Quote: Originally Posted by leonwu
Excuse me, i have not debugged user mode applilcations more than two years....many debug methods I have forgotten. Would you mind telling me more detail?
It's an interesting issue and I'd be quite keen to try to help debug it - but I can't since I don't have a repro
Hence, I've stepped through the basics in the attached debugger log:
- bp <address> to set a breakpoint
- bl to list breakpoints
- g for "go", g @$ra for "go until you hit the return address of the current function"
- r to list registers
- du @rcx, dump memory as a unicode string beginning at RCX offset
... and so on. It's not rocket science but it's not trivial either.
I used kernel32!CreateProcessW as the test breakpoint. Note how the RCX register contains the first function parameter (lpApplicationName), which in this case is MMC.EXE of course. Then I let it complete (g @$ra) and checked that the function return value (in RAX) was non-zero, which indicates success as per the function's MSDN doco.
In your instance it would be interesting to see whether the CreateProcessW breakpoint gets hit at all, and if so what the return value becomes. After that, you might want to use some of the activity you logged in ProcMon as the basis for further breakpoint-based troubleshooting.
If you're feeling a bit rusty with this stuff, it'll be marginally easier on an x86 machine because of the way the STDCALL calling convention places args on the stack, instead of using the registers like x64 does.
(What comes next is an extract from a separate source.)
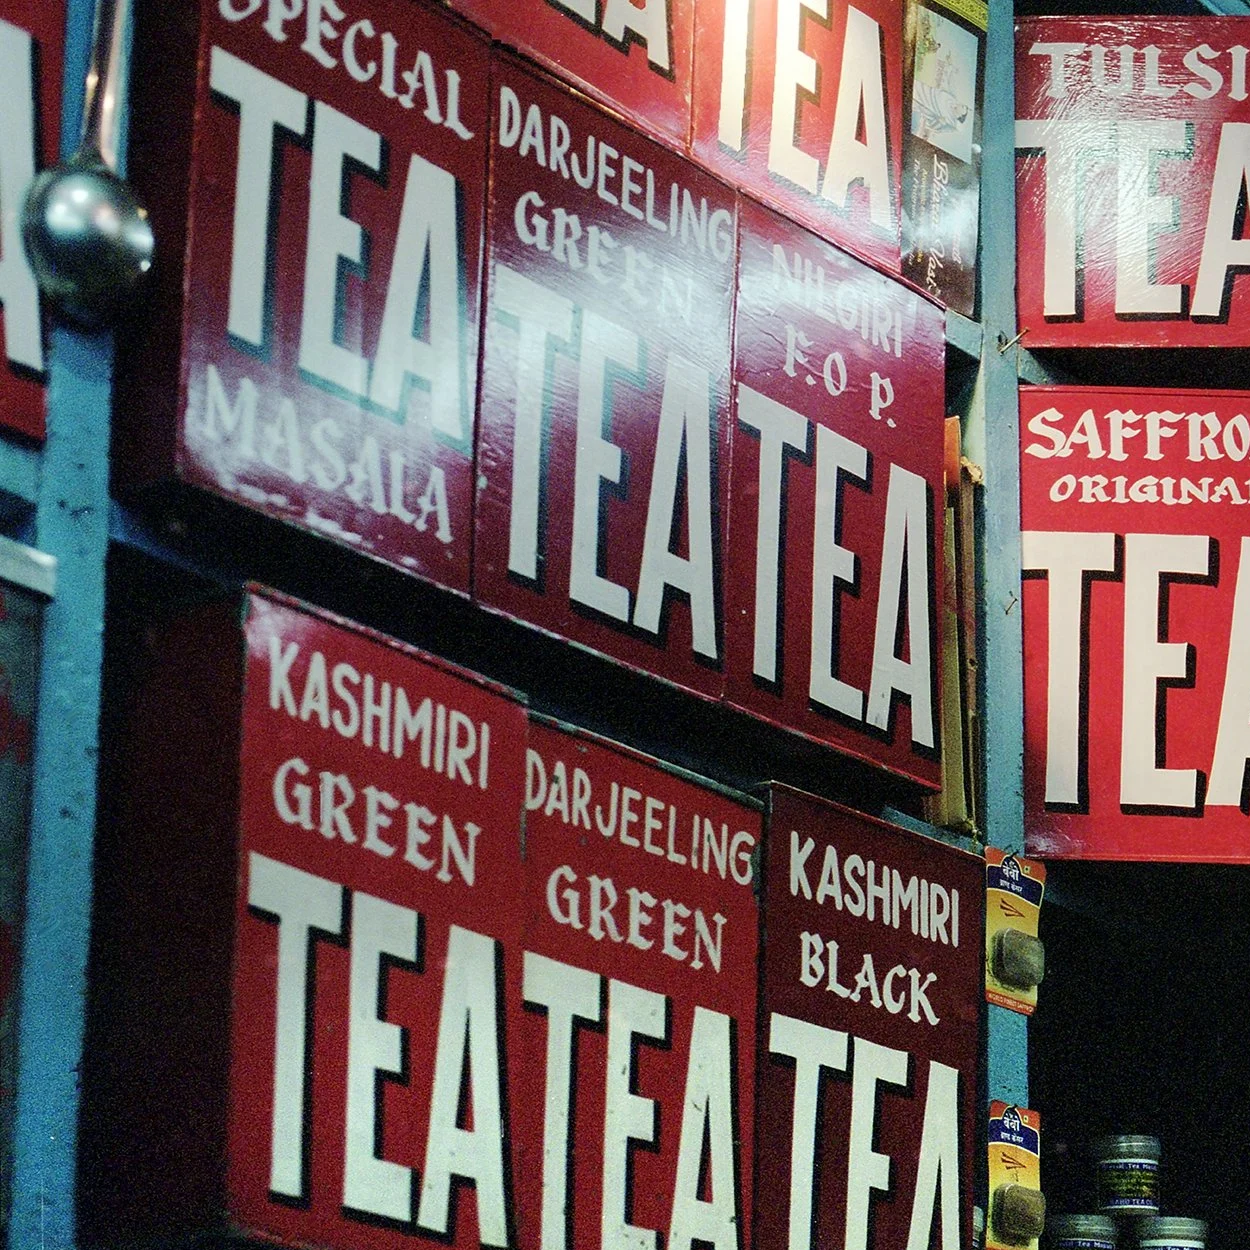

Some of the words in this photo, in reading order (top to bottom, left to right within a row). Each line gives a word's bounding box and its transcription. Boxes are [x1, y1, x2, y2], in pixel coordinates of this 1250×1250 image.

Otherwise, a "checked" build of x64 Windows (from MSDN) is made up of non-optimised binaries which are going to "spill" args onto the stack, even on x64. It'll be easier to debug than straight, optimised x64 code.
EDIT: For what it's worth, I think the conclusion is wrong in this thread: Computer Context menu - Manage not working
The Windows 7 version of CompMgmtLauncher.exe is not "corrupted". It's just less forgiving in this instance than the Vista build, for reasons which form the crux of this issue. I suspect the poster who came up with the "solution" at the end may have additional info, since he apparently didn't feel compelled to fix the "corrupted" version of the Windows 7 binary by extracting/repairing, but instead went straight for the Vista executable.